That Onion piece better captures the mood of those weeks than the soaring and belligerent speeches of politicians. It spoke to a basic and powerful wish to be connected to others, to help heal rather than injure, to be on the side of good rather than let isolation make you neutral. And it recognized that the ways we try to do these things are often stumbling, awkward, easy to make fun of-even though making fun of them is not just cruel but also shoddy and trite, much more jejune than the attempts to do something good. This scrap of satire acknowledged all of this and, in a paper that specializes in relentless fun making, gently refrained from attacking it.
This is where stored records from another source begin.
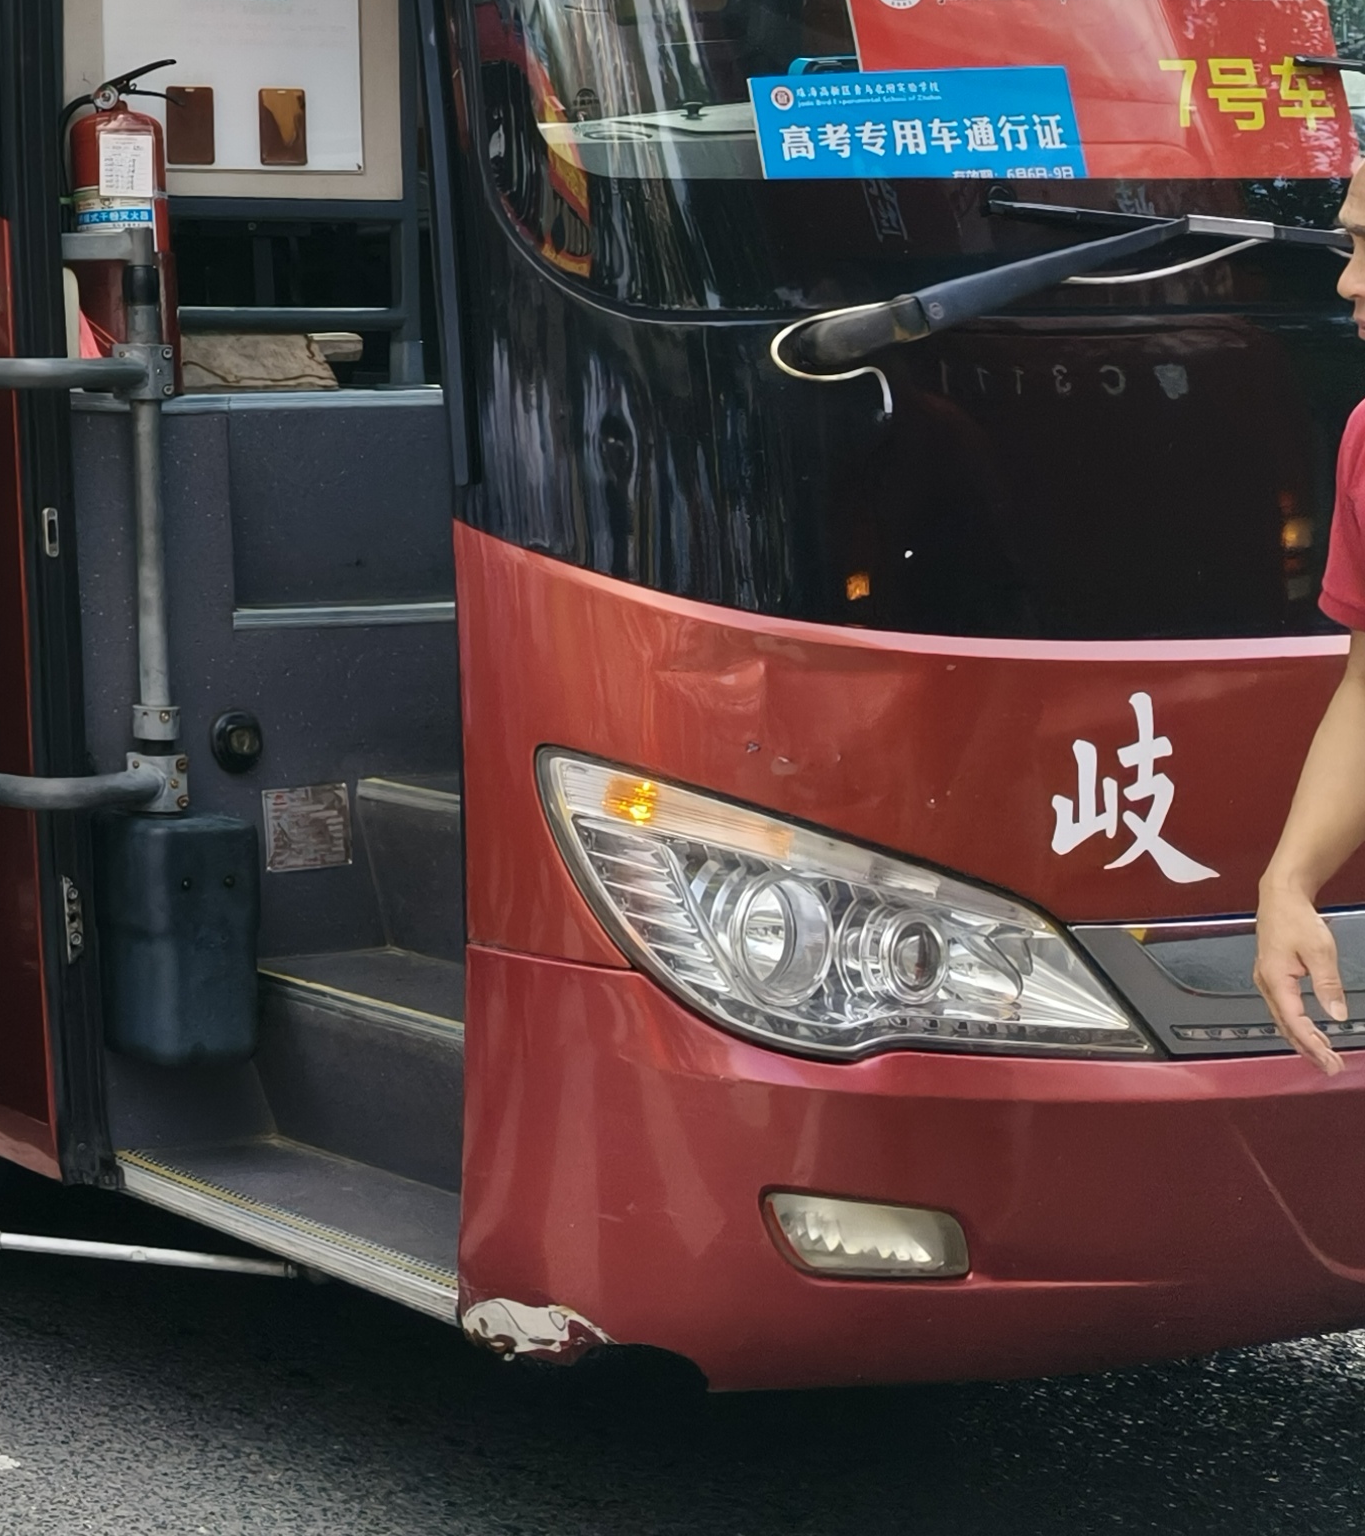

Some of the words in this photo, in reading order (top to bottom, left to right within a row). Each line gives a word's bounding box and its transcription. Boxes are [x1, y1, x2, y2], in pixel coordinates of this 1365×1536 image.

[1157, 56, 1336, 131] 7号车
[778, 113, 1068, 162] 高考专用车通行证
[1050, 690, 1221, 883] 岐
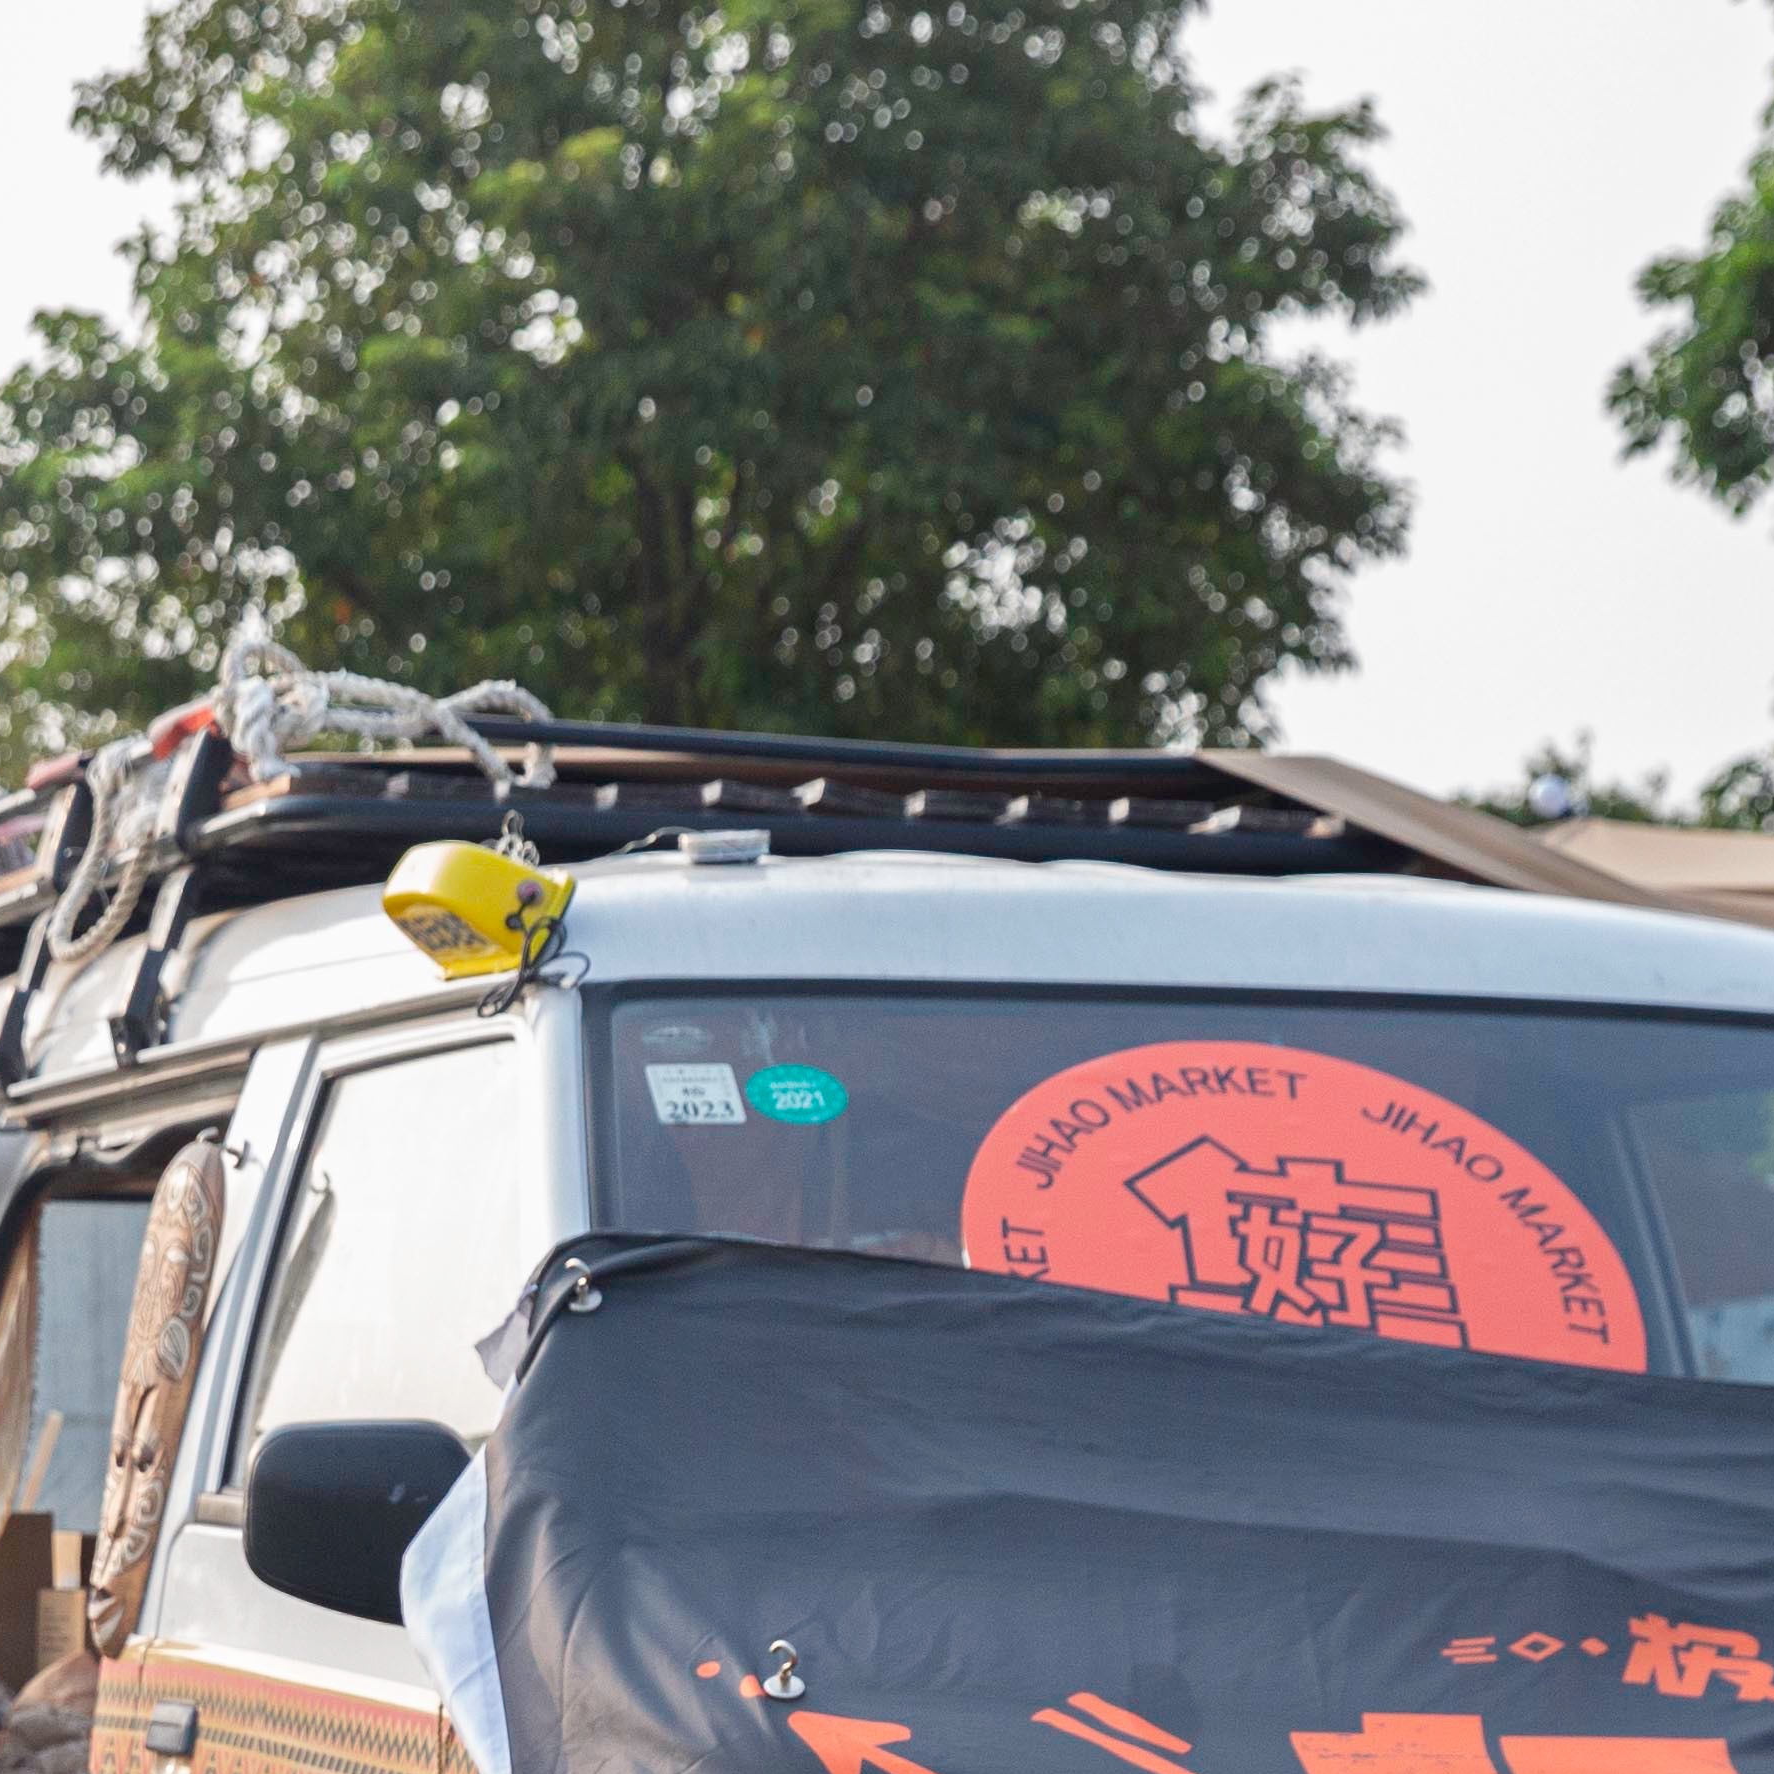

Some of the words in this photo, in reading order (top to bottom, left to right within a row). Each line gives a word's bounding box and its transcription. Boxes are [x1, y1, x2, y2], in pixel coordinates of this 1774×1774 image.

[1016, 1099, 1111, 1190] JIHAO
[1105, 1066, 1308, 1113] MARKET
[1360, 1101, 1504, 1182] JIHAO
[1498, 1186, 1610, 1345] MARKET
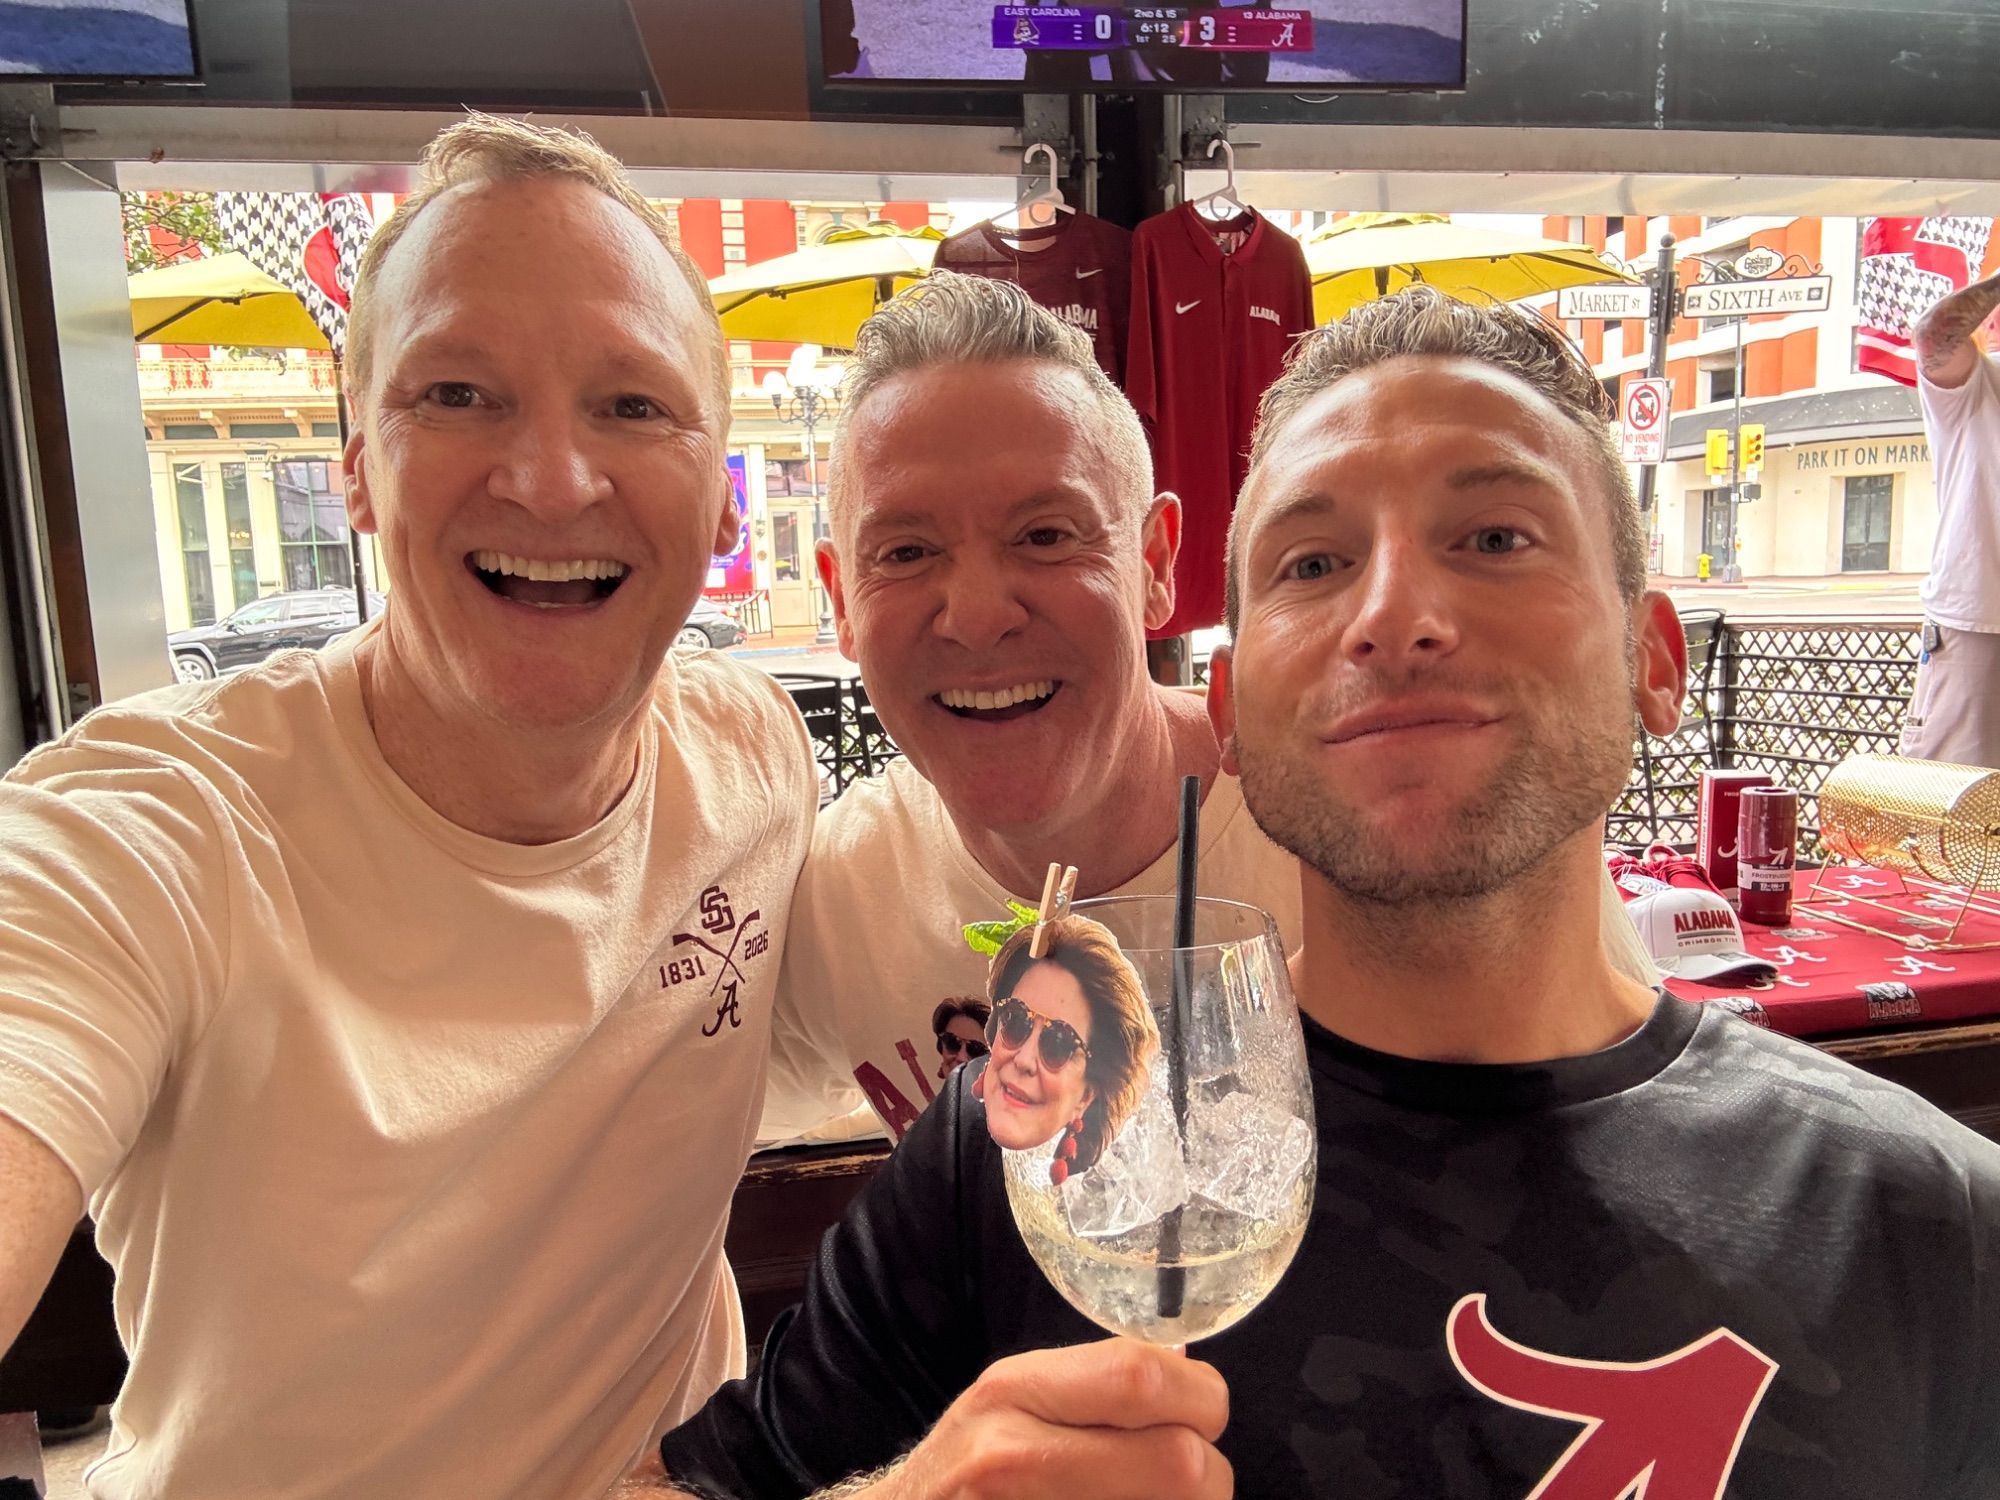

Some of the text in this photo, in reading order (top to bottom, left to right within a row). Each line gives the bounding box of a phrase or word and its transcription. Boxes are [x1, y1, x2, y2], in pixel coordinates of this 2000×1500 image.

The appetites for connection, membership, and righteousness (which is not the same as self-righteousness) that this sketch almost shyly honored are a reminder of Americans' persistent desire for a sense of national community and the common good. More vivid reminders include the nomination in 2008 of two presidential candidates who believe in citizenship and political service and, in particular, the enormous enthusiasm for Barack Obama's conviction-driven primary campaign. Self-concern, self-regard, even a certain amount of self-involvement, are all resting places for human feelings. Selfishness and isolation are not. That is why political language remains essentially engaged in trying to find a language of common good that feels alive, contemporary, genuine, and American. The search often feels as futile as the fictional Christine Pearson's search through her kitchen cabinets and, like hers, ends in the personal orbit of friends and neighbors.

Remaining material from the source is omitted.